**Problem requirements**
Your job is to retype all of the data word for word, leaving every image out.

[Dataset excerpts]
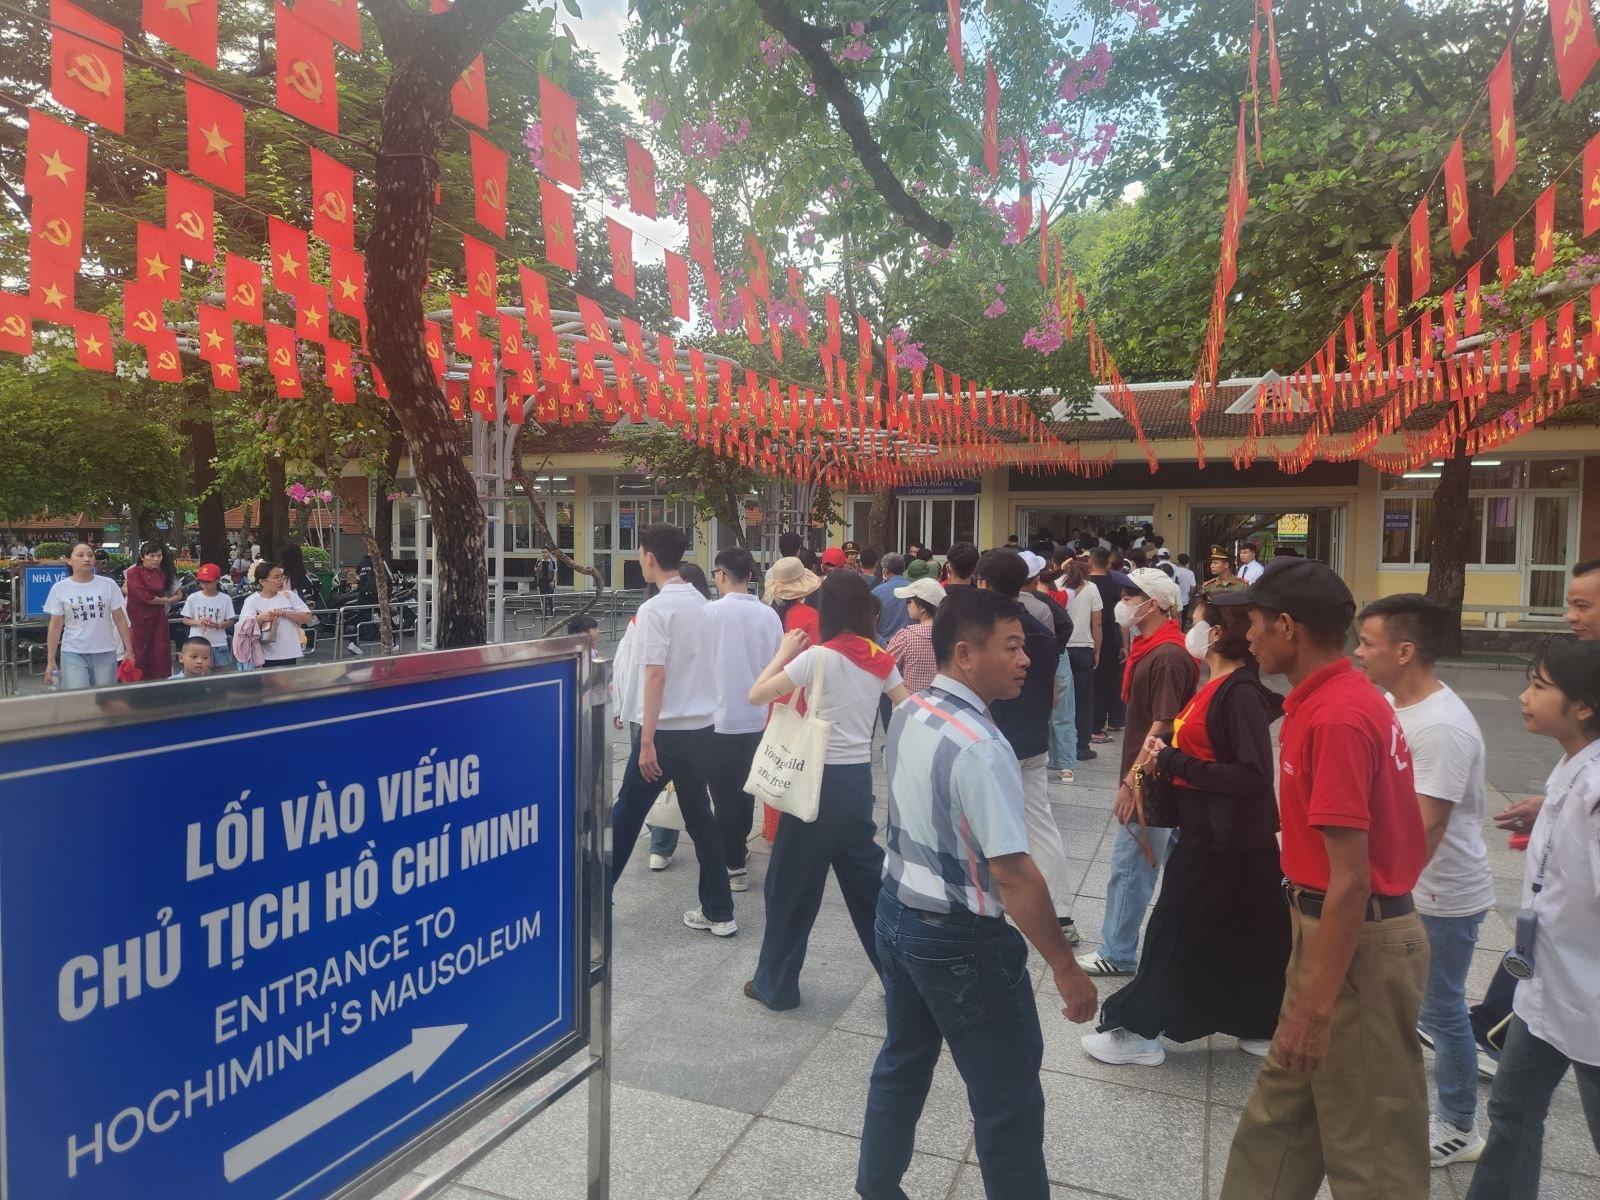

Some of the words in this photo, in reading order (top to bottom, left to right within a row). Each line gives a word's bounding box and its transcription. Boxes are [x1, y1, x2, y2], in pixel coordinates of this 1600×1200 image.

[32, 571, 52, 583] NHÀ
[186, 789, 265, 882] LỐI
[281, 780, 366, 852] VÀO
[378, 747, 480, 823] VIẾNG
[770, 776, 792, 789] free
[58, 906, 181, 1022] CHỦ
[200, 880, 310, 970] TỊCH
[325, 840, 379, 923] HỒ
[392, 823, 451, 895] CHÍ
[461, 803, 539, 871] MINH
[215, 925, 409, 1044] ENTRANCE
[415, 906, 456, 947] TO
[67, 1000, 363, 1178] HOCHIMINH'S
[371, 910, 542, 1022] MAUSOLEUM
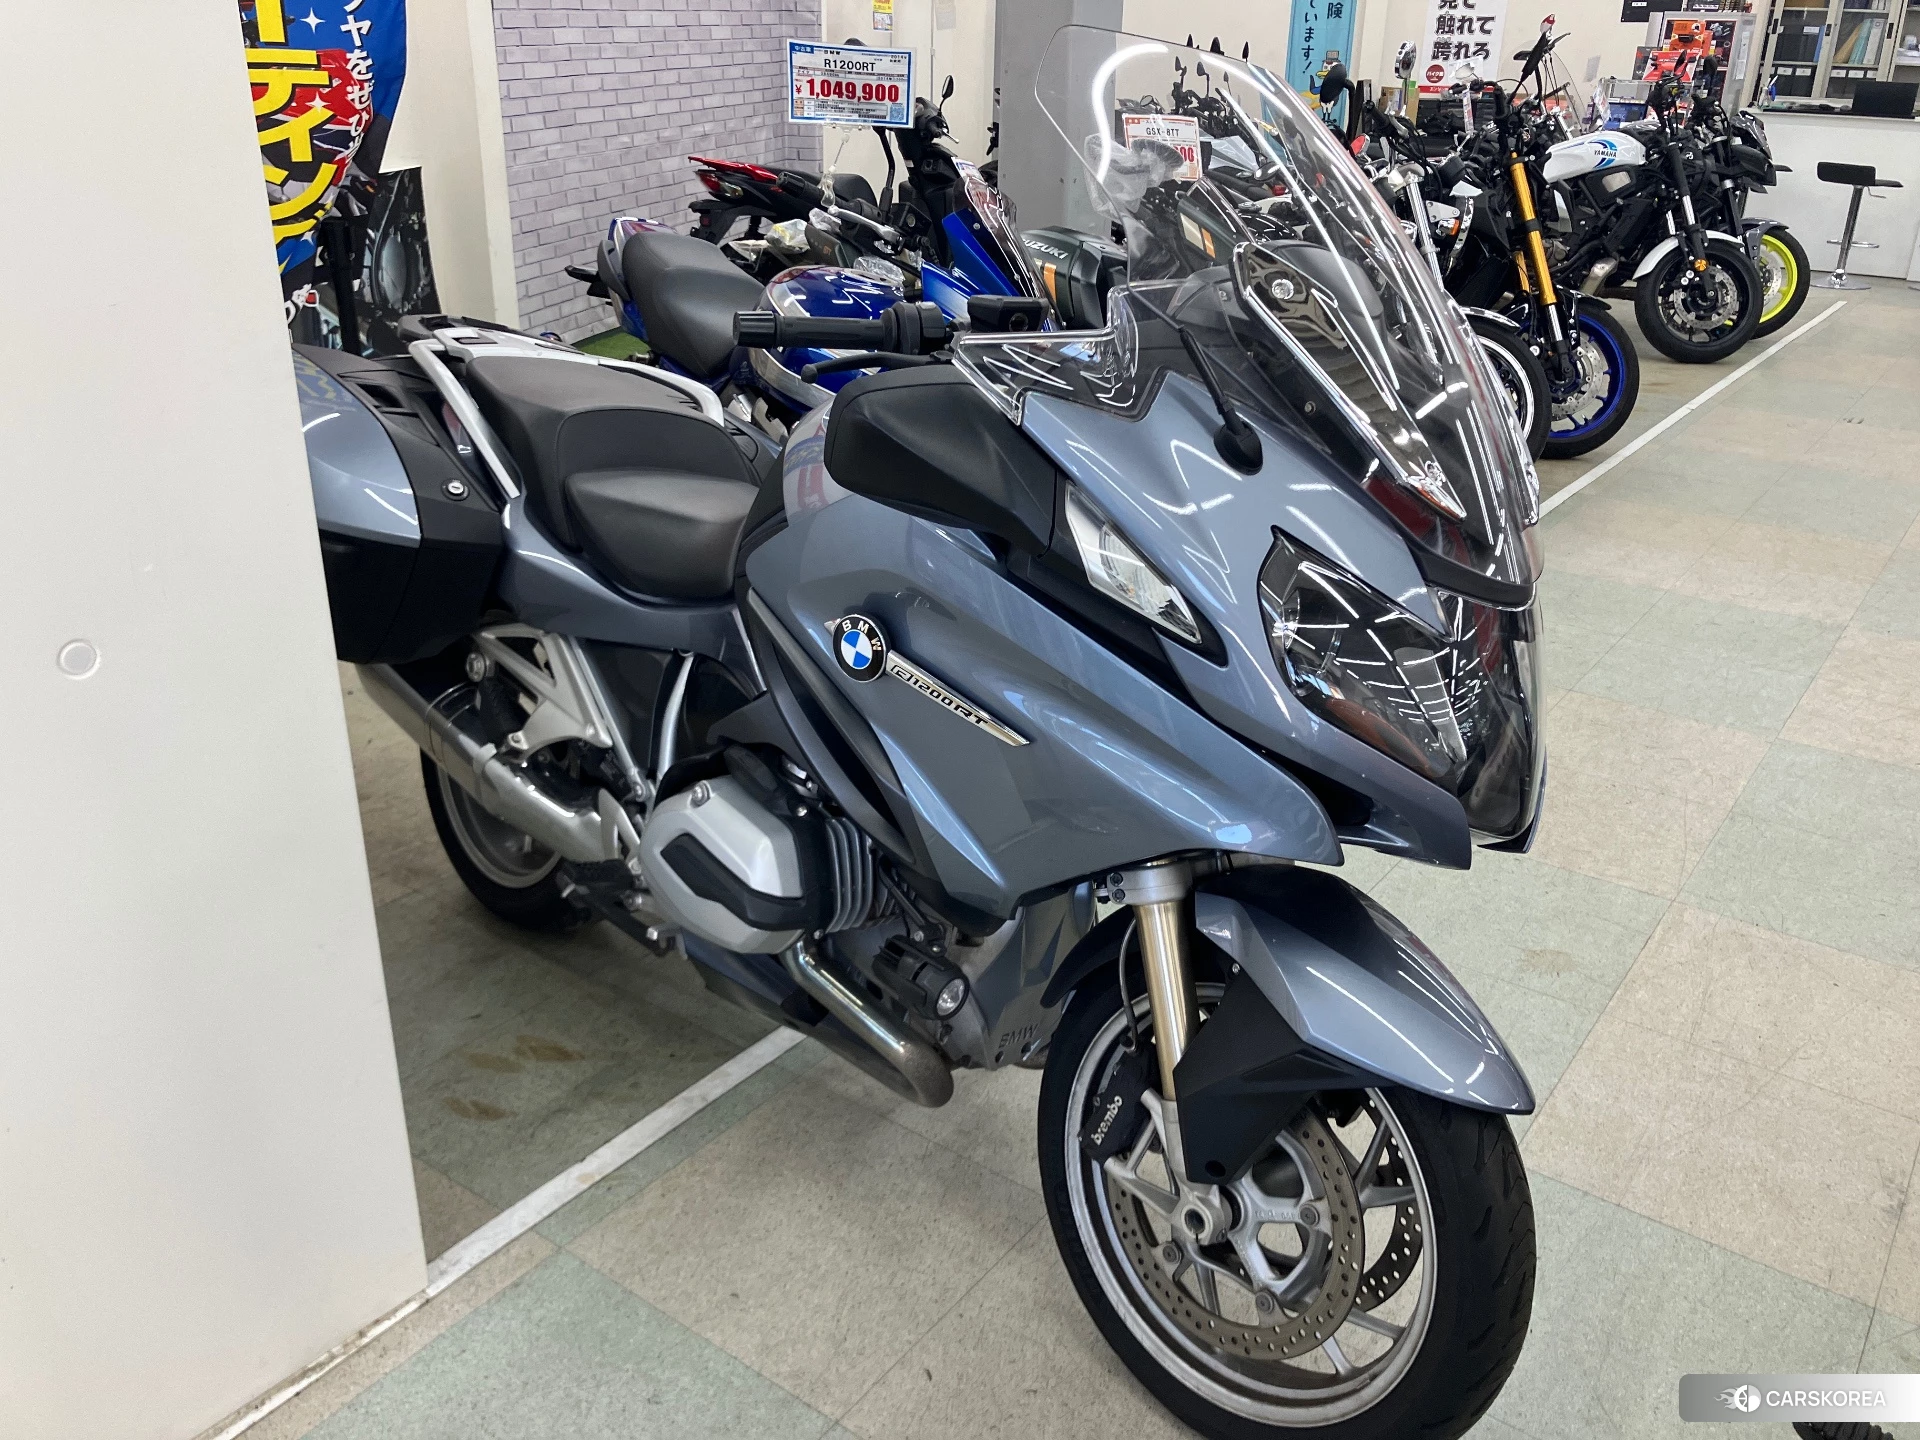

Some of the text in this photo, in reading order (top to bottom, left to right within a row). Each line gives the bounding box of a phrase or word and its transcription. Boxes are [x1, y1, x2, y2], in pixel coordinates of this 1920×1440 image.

[1436, 14, 1495, 35] 触れて
[824, 58, 876, 72] R1200RT
[806, 78, 900, 103] 1,049,900
[1594, 149, 1617, 158] YAMAHA
[842, 619, 882, 651] BMW
[890, 664, 989, 727] R1200RT
[998, 1023, 1038, 1049] BMW
[1091, 1095, 1123, 1146] brembo

**Task solution**
Some of the words in this photo, in reading order (top to bottom, left to right within a row). Each line gives a word's bounding box and its transcription. Boxes are [x1, y1, x2, y2], in pixel coordinates of this 1600×1200 image.

[32, 571, 52, 583] NHÀ
[186, 789, 265, 882] LỐI
[281, 780, 366, 852] VÀO
[378, 747, 480, 823] VIẾNG
[770, 776, 792, 789] free
[58, 906, 181, 1022] CHỦ
[200, 880, 310, 970] TỊCH
[325, 840, 379, 923] HỒ
[392, 823, 451, 895] CHÍ
[461, 803, 539, 871] MINH
[215, 925, 409, 1044] ENTRANCE
[415, 906, 456, 947] TO
[67, 1000, 363, 1178] HOCHIMINH'S
[371, 910, 542, 1022] MAUSOLEUM

Some of the text in this photo, in reading order (top to bottom, left to right within a row). Each line gives the bounding box of a phrase or word and its transcription. Boxes are [x1, y1, x2, y2], in pixel coordinates of this 1920×1440 image.

[1436, 14, 1495, 35] 触れて
[824, 58, 876, 72] R1200RT
[806, 78, 900, 103] 1,049,900
[1594, 149, 1617, 158] YAMAHA
[842, 619, 882, 651] BMW
[890, 664, 989, 727] R1200RT
[998, 1023, 1038, 1049] BMW
[1091, 1095, 1123, 1146] brembo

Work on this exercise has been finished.